Assignment: Each line below needs to be returned exactly. Skip any picture.

Images for object localization:
──────

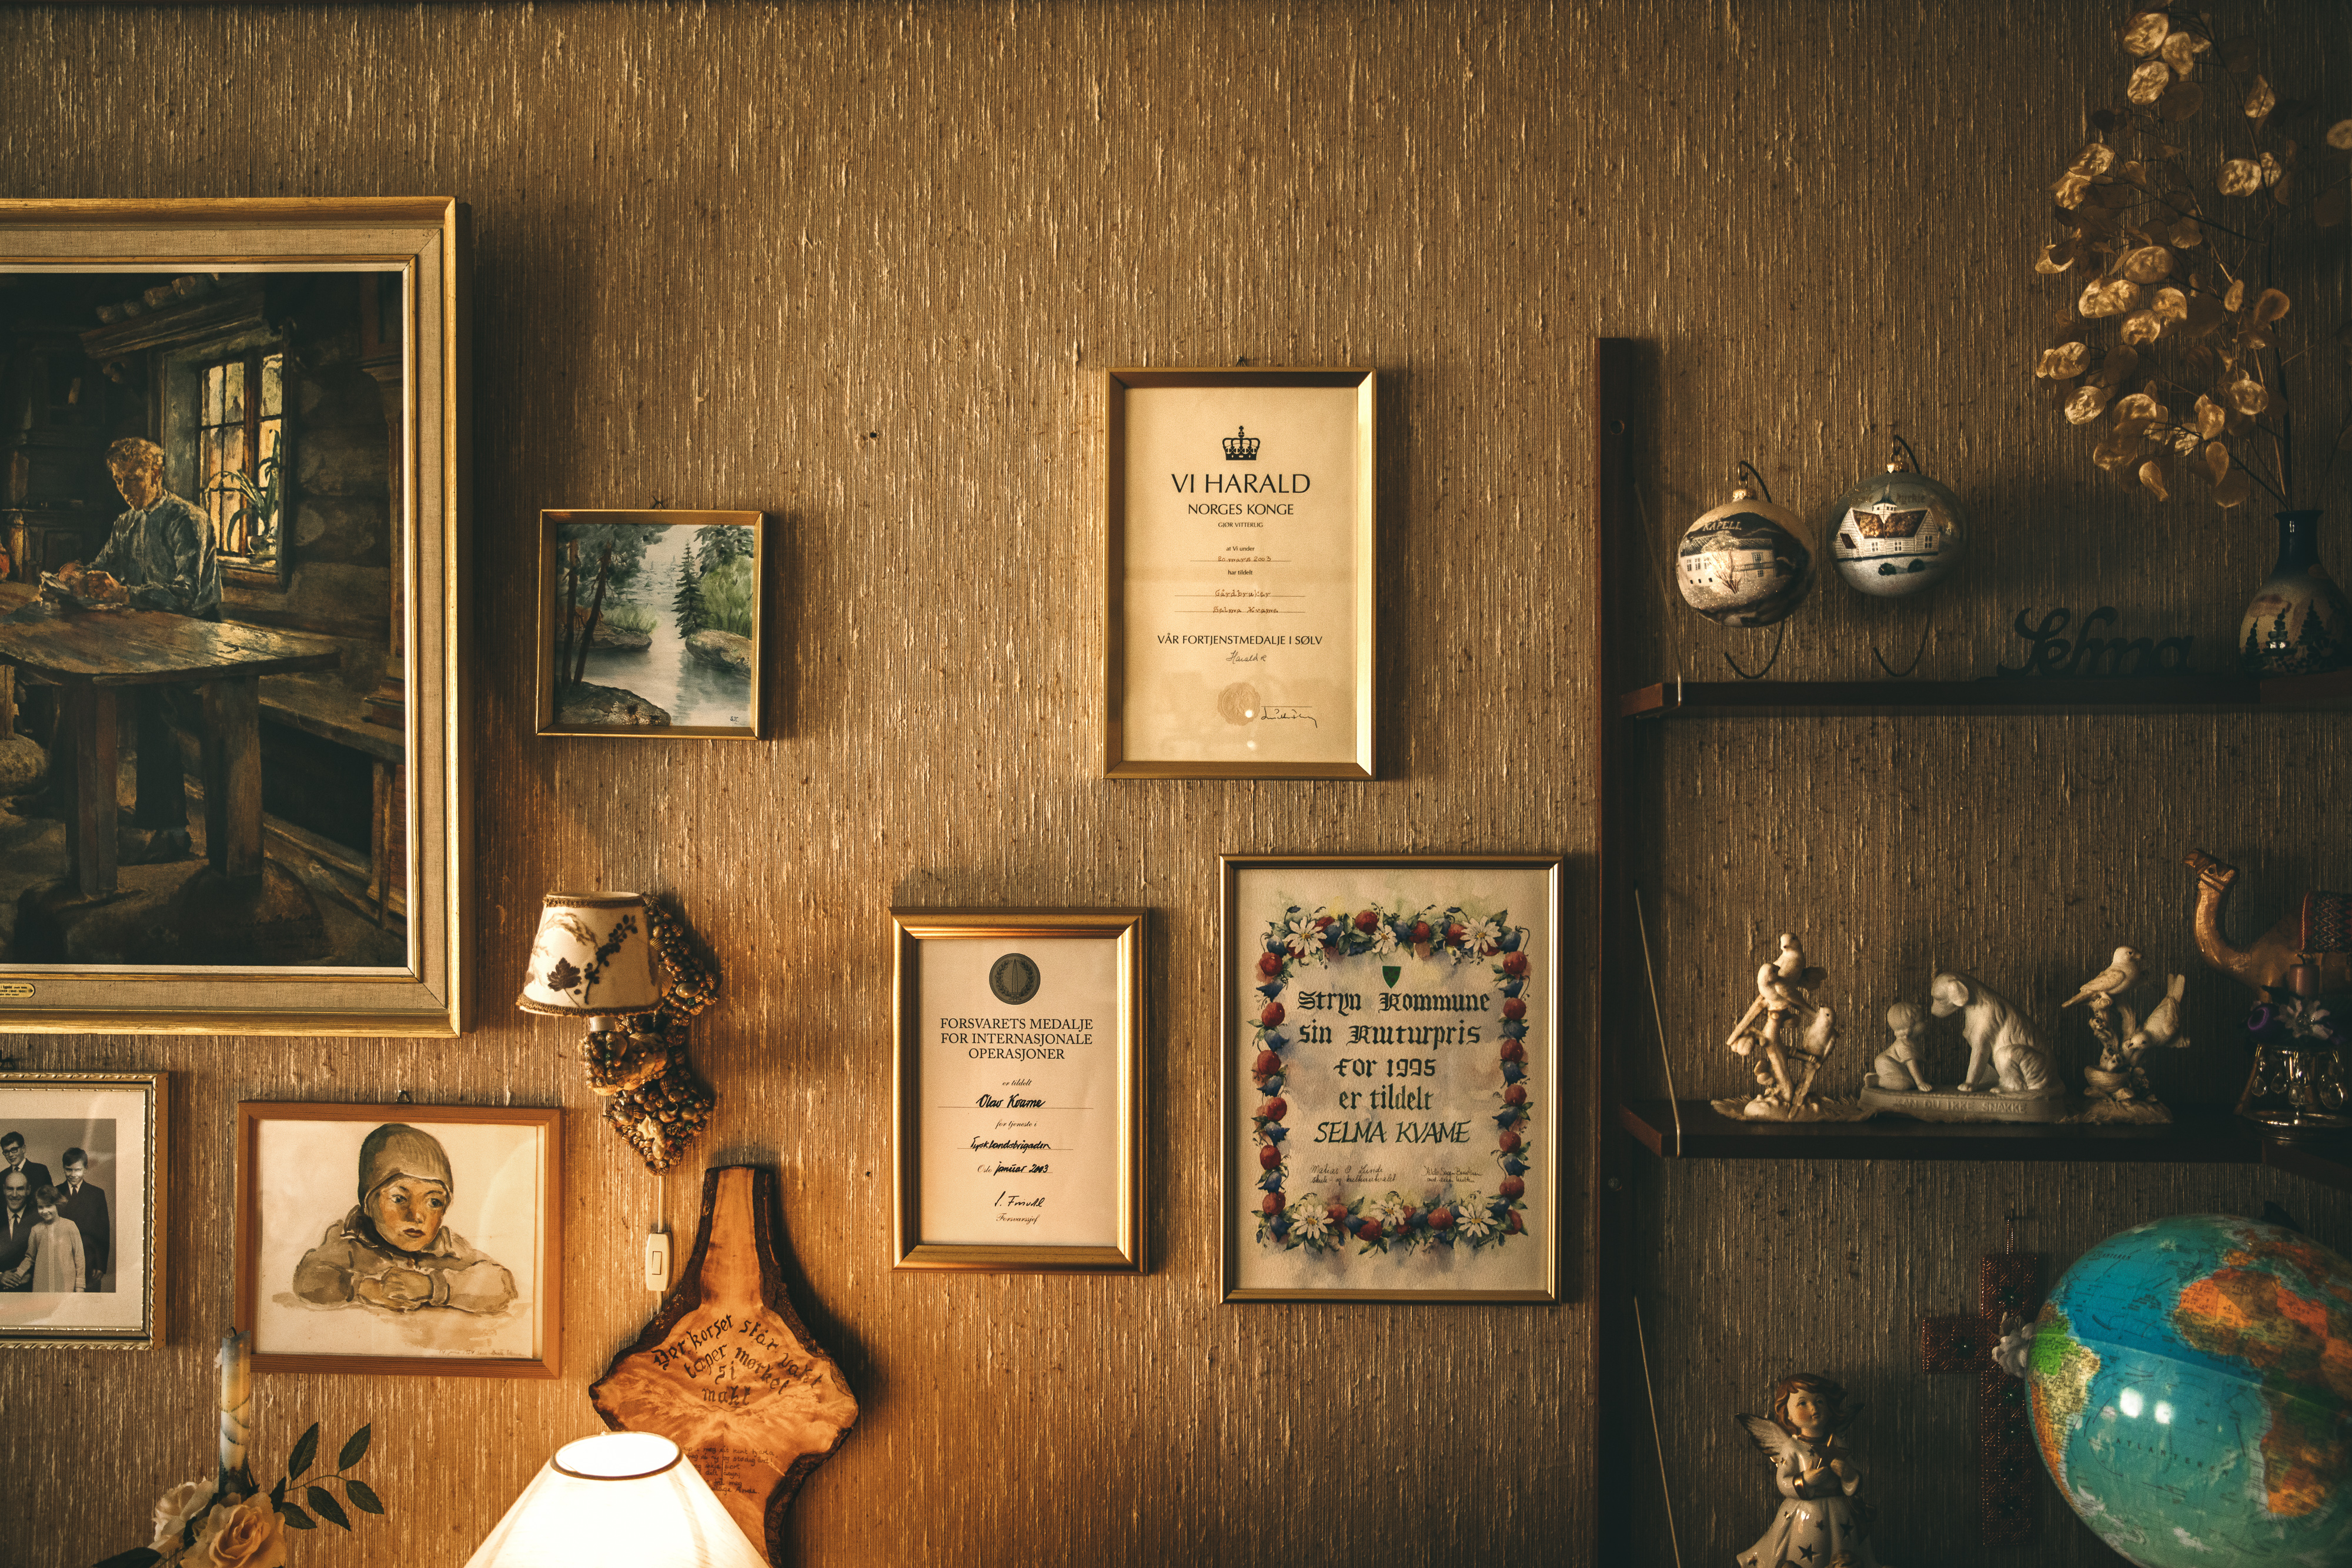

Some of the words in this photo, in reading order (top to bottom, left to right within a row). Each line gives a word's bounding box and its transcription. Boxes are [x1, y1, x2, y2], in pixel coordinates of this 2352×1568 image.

[1171, 474, 1194, 493] VI
[1205, 474, 1311, 493] HARALD
[1188, 503, 1242, 516] NORGES
[1247, 503, 1294, 516] KONGE
[1215, 589, 1271, 598] Gårdbruker
[1158, 633, 1180, 646] VÅR
[1182, 635, 1286, 646] FORTJENSTMEDALJE
[1289, 636, 1292, 645] I
[1294, 635, 1323, 646] SØLV
[1997, 606, 2197, 676] Selma
[1226, 650, 1258, 664] Harald
[1297, 991, 1361, 1017] Stryn
[1378, 992, 1490, 1012] Kommune
[940, 1018, 1026, 1030] FORSVARETS
[1029, 1018, 1094, 1032] MEDALJE
[1297, 1019, 1332, 1044] sin
[941, 1033, 969, 1044] FOR
[971, 1033, 1093, 1047] INTERNASJONALE
[968, 1048, 1065, 1061] OPERASJONER
[1387, 1058, 1436, 1078] 1995
[1011, 1078, 1032, 1086] tildelt
[975, 1094, 1004, 1108] Olav
[1007, 1093, 1046, 1108] Kvame
[1339, 1091, 1362, 1110] er
[1369, 1083, 1434, 1111] tildelt
[1923, 1099, 1940, 1109] DU
[1946, 1099, 1971, 1111] IKKE
[995, 1119, 1007, 1130] for
[1007, 1121, 1033, 1130] tjeneste
[1314, 1121, 1387, 1144] SELMA
[1395, 1120, 1471, 1144] KVAME
[970, 1136, 1051, 1154] Tysklandsbrigaden
[977, 1164, 993, 1174] Oslo
[993, 1161, 1028, 1176] januar
[1029, 1164, 1049, 1174] 2003
[996, 1213, 1040, 1225] Forsvarssjef
[651, 1337, 686, 1371] Der
[686, 1313, 735, 1350] korset
[683, 1343, 728, 1379] taper
[734, 1346, 790, 1396] mørket
[715, 1360, 737, 1385] si
[701, 1385, 751, 1407] makt

──────

Output for this task:
Some of the words in this photo, in reading order (top to bottom, left to right within a row). Each line gives a word's bounding box and its transcription. Boxes are [x1, y1, x2, y2], in pixel coordinates of this 2352×1568 image.

[1171, 474, 1194, 493] VI
[1205, 474, 1311, 493] HARALD
[1188, 503, 1242, 516] NORGES
[1247, 503, 1294, 516] KONGE
[1215, 589, 1271, 598] Gårdbruker
[1158, 633, 1180, 646] VÅR
[1182, 635, 1286, 646] FORTJENSTMEDALJE
[1289, 636, 1292, 645] I
[1294, 635, 1323, 646] SØLV
[1997, 606, 2197, 676] Selma
[1226, 650, 1258, 664] Harald
[1297, 991, 1361, 1017] Stryn
[1378, 992, 1490, 1012] Kommune
[940, 1018, 1026, 1030] FORSVARETS
[1029, 1018, 1094, 1032] MEDALJE
[1297, 1019, 1332, 1044] sin
[941, 1033, 969, 1044] FOR
[971, 1033, 1093, 1047] INTERNASJONALE
[968, 1048, 1065, 1061] OPERASJONER
[1387, 1058, 1436, 1078] 1995
[1011, 1078, 1032, 1086] tildelt
[975, 1094, 1004, 1108] Olav
[1007, 1093, 1046, 1108] Kvame
[1339, 1091, 1362, 1110] er
[1369, 1083, 1434, 1111] tildelt
[1923, 1099, 1940, 1109] DU
[1946, 1099, 1971, 1111] IKKE
[995, 1119, 1007, 1130] for
[1007, 1121, 1033, 1130] tjeneste
[1314, 1121, 1387, 1144] SELMA
[1395, 1120, 1471, 1144] KVAME
[970, 1136, 1051, 1154] Tysklandsbrigaden
[977, 1164, 993, 1174] Oslo
[993, 1161, 1028, 1176] januar
[1029, 1164, 1049, 1174] 2003
[996, 1213, 1040, 1225] Forsvarssjef
[651, 1337, 686, 1371] Der
[686, 1313, 735, 1350] korset
[683, 1343, 728, 1379] taper
[734, 1346, 790, 1396] mørket
[715, 1360, 737, 1385] si
[701, 1385, 751, 1407] makt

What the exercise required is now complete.